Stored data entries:
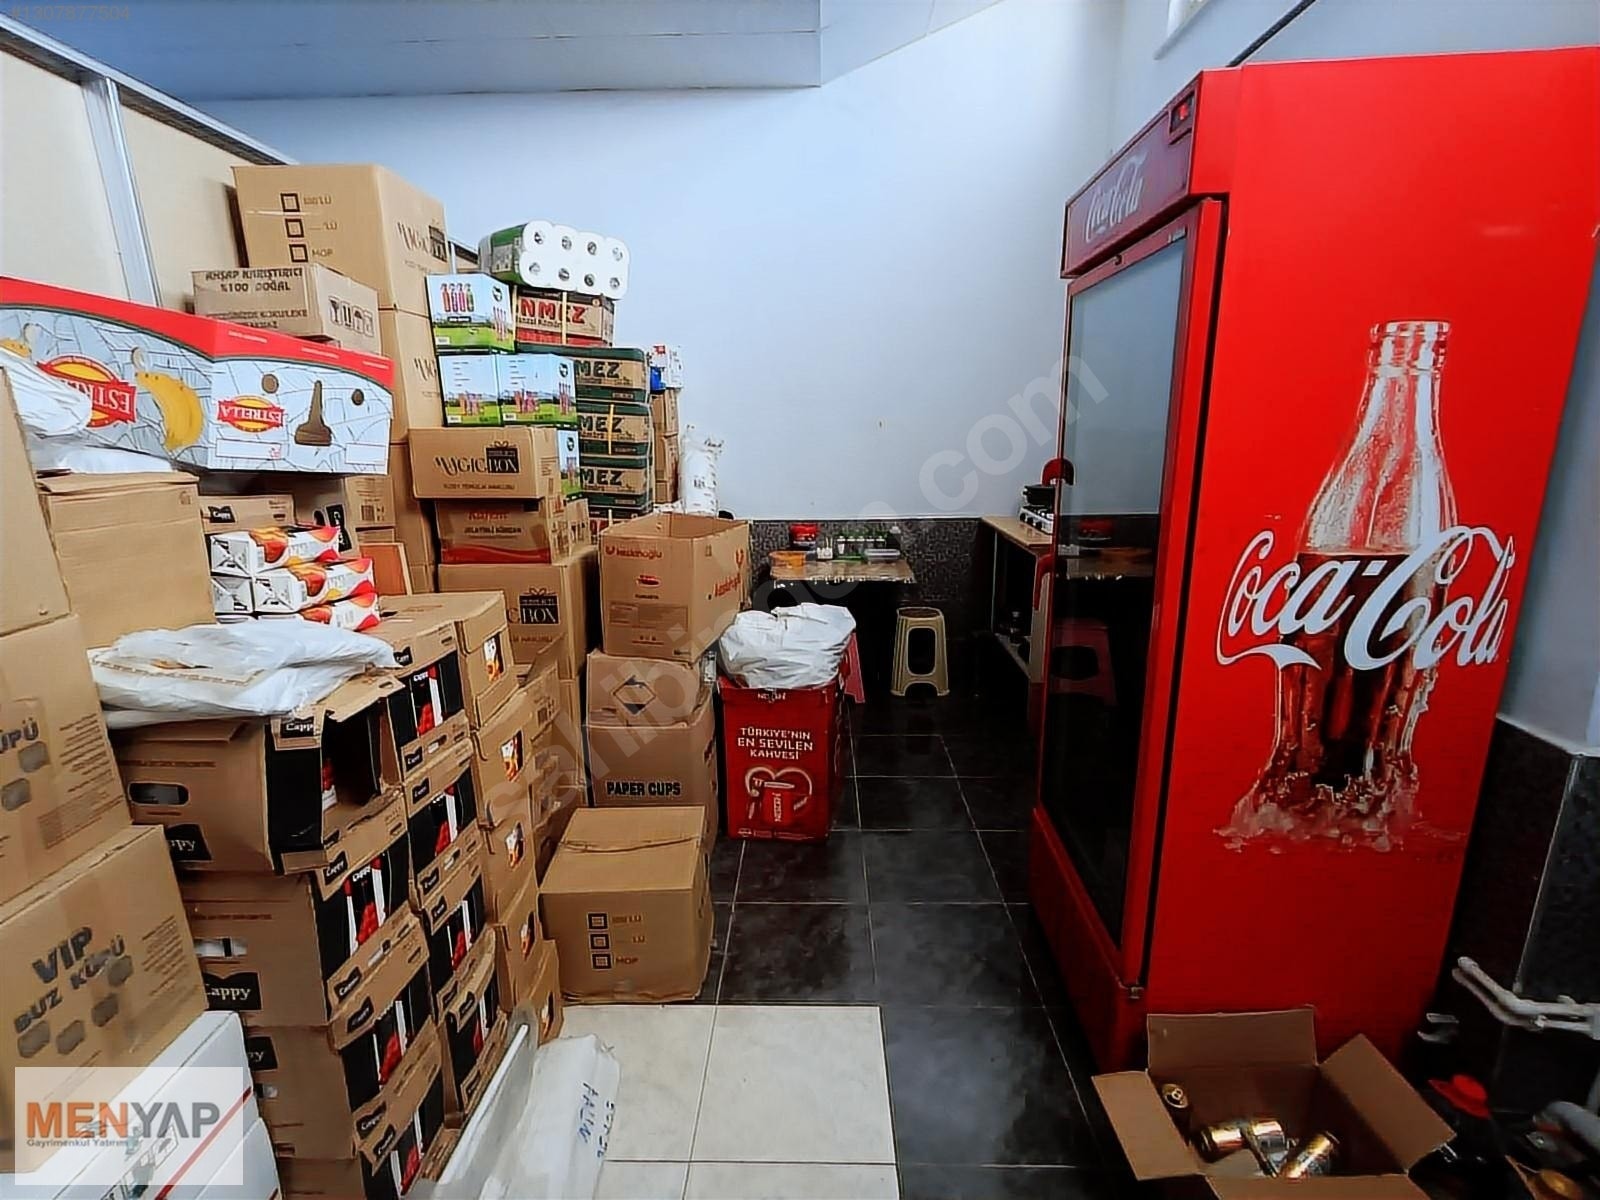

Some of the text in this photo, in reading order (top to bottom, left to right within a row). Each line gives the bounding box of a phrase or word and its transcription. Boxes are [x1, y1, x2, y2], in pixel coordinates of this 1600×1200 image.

[1085, 150, 1148, 243] Coca-Cola
[311, 249, 333, 258] MOP
[220, 282, 249, 292] %100
[218, 403, 283, 424] ESTRELLA
[1216, 525, 1516, 672] Coca-Cola
[737, 737, 755, 747] EN
[606, 781, 681, 796] PAPER CUPS
[32, 926, 92, 984] VIP
[14, 987, 62, 1034] BUZ
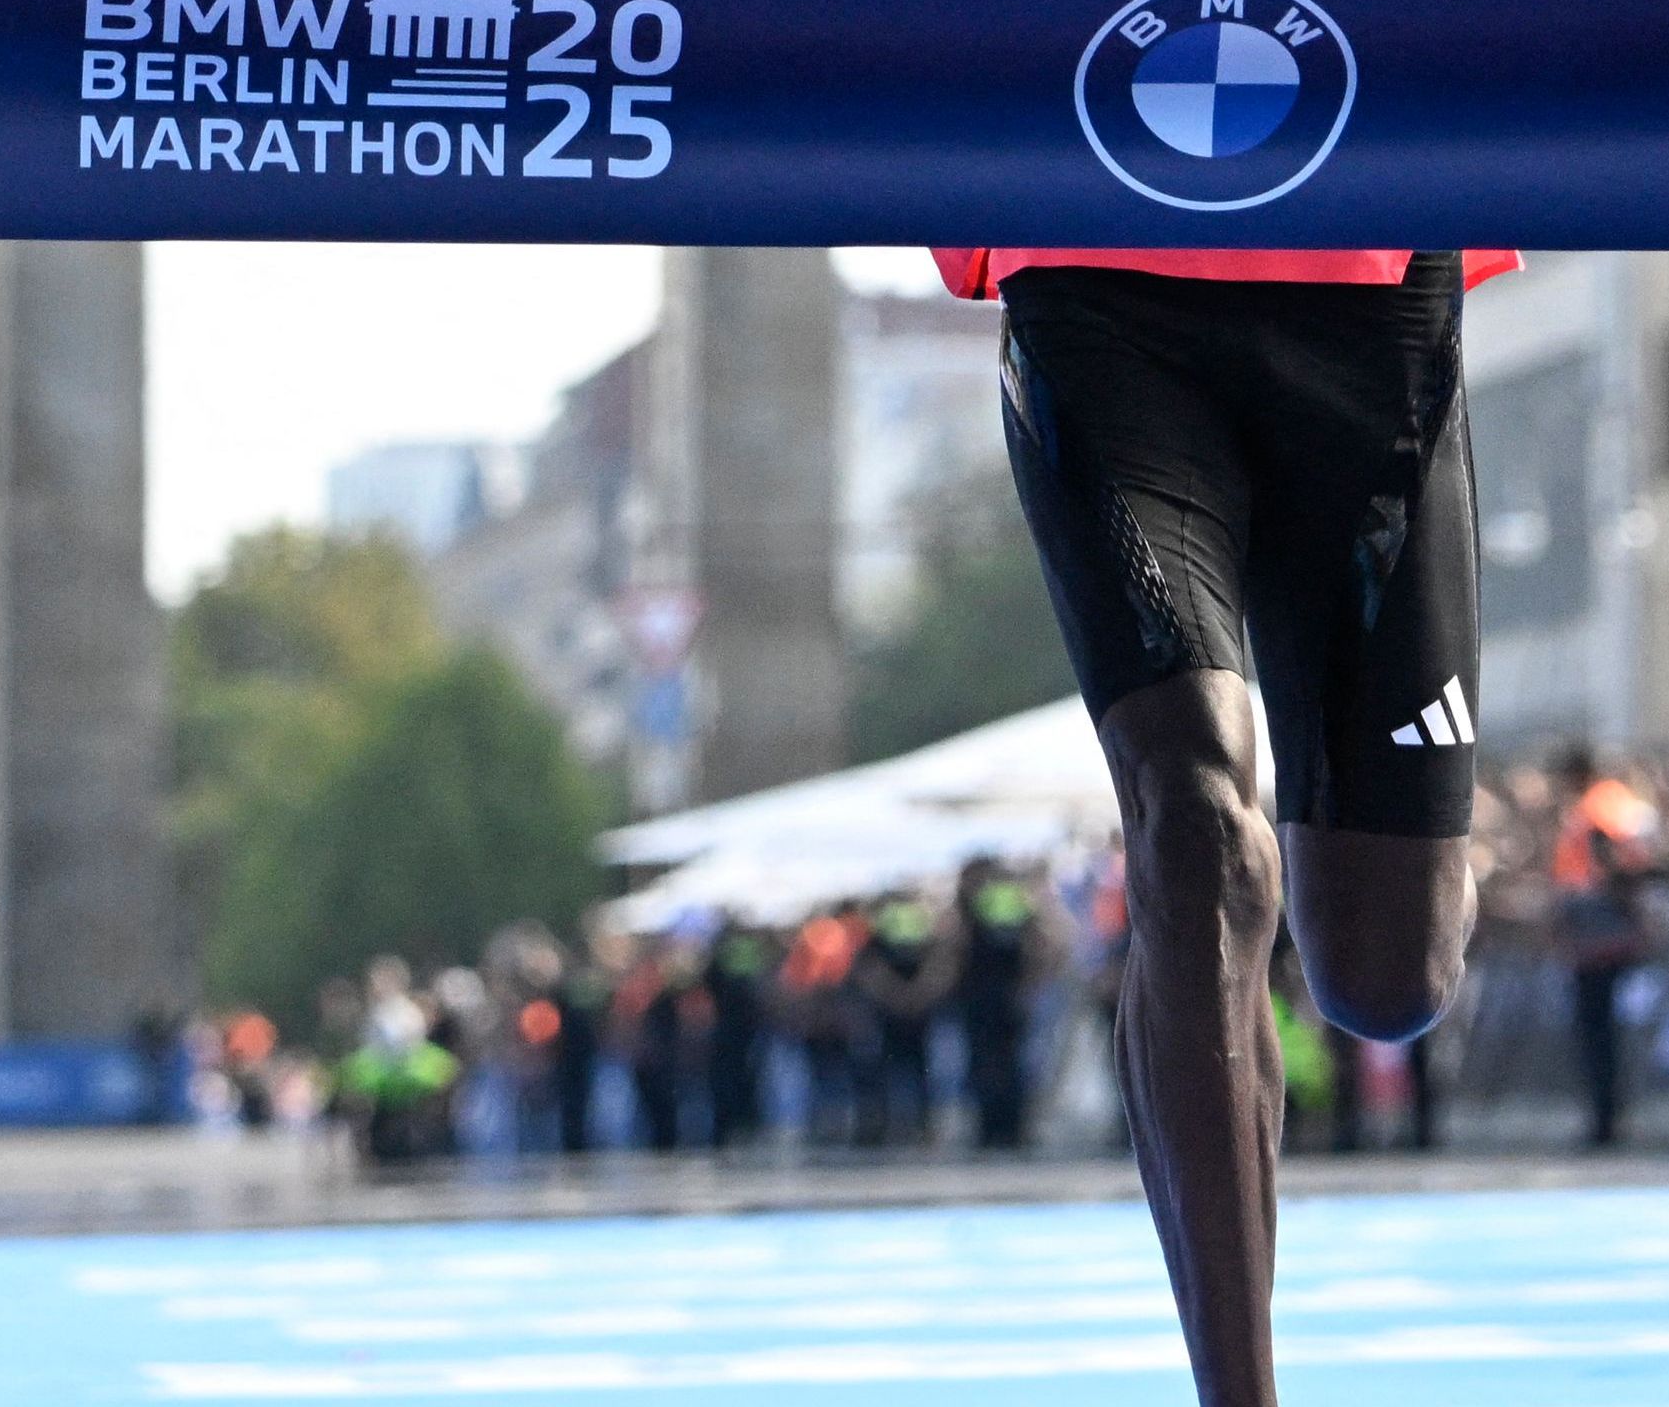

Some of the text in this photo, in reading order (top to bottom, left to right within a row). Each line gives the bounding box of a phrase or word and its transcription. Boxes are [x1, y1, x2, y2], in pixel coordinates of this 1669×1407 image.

[80, 50, 349, 105] BERLIN
[79, 115, 504, 177] MARATHON
[522, 84, 672, 179] 25
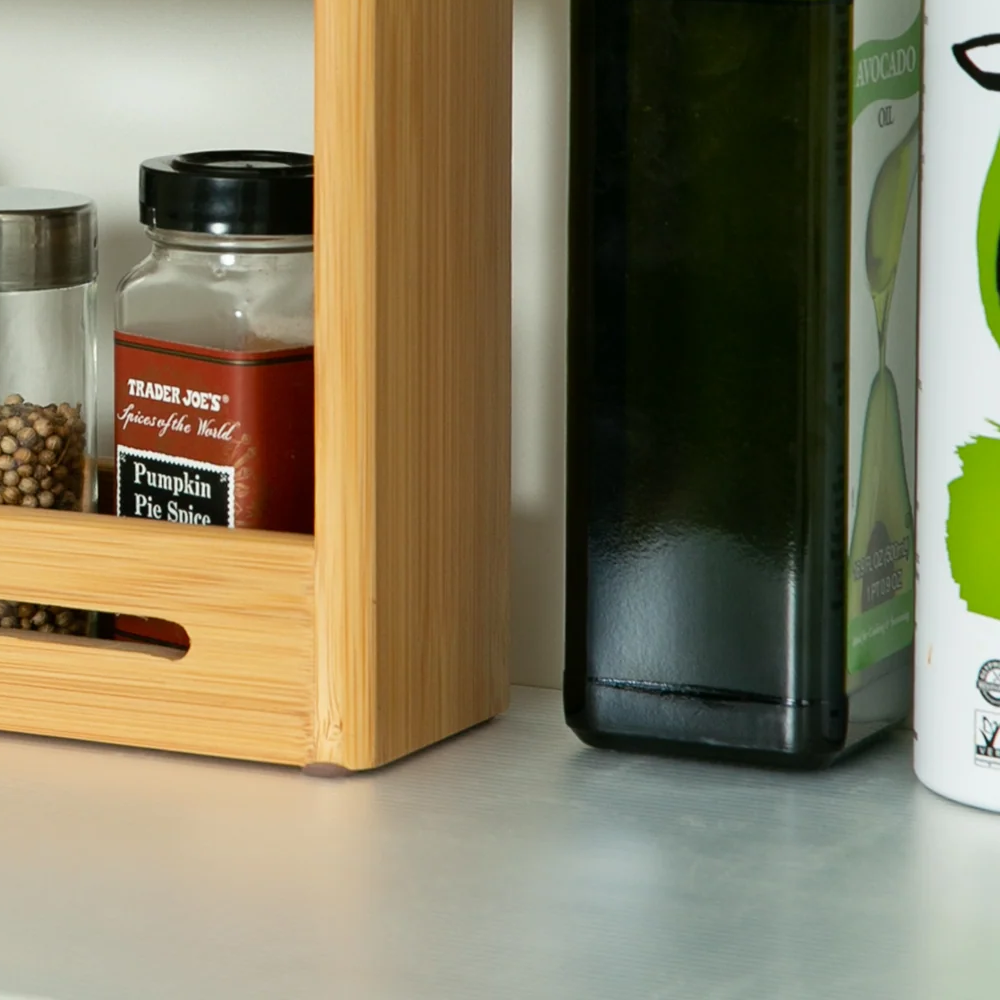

» What you need to do
Your copy should be the entries retyped exactly, with no images in it.

» Output
Some of the text in this photo, in reading order (top to bottom, left to right within a row). Each line gives the bounding box of a phrase or word and its transcription. Boxes are [x1, y1, x2, y2], in pixel coordinates of this 1600×1200 image.

[1085, 150, 1148, 243] Coca-Cola
[311, 249, 333, 258] MOP
[220, 282, 249, 292] %100
[218, 403, 283, 424] ESTRELLA
[1216, 525, 1516, 672] Coca-Cola
[737, 737, 755, 747] EN
[606, 781, 681, 796] PAPER CUPS
[32, 926, 92, 984] VIP
[14, 987, 62, 1034] BUZ

Some of the text in this photo, in reading order (top to bottom, left to right within a row). Each line gives the bounding box of a phrase or word and its transcription. Boxes are [x1, y1, x2, y2], in pixel coordinates of this 1669×1407 image.

[80, 50, 349, 105] BERLIN
[79, 115, 504, 177] MARATHON
[522, 84, 672, 179] 25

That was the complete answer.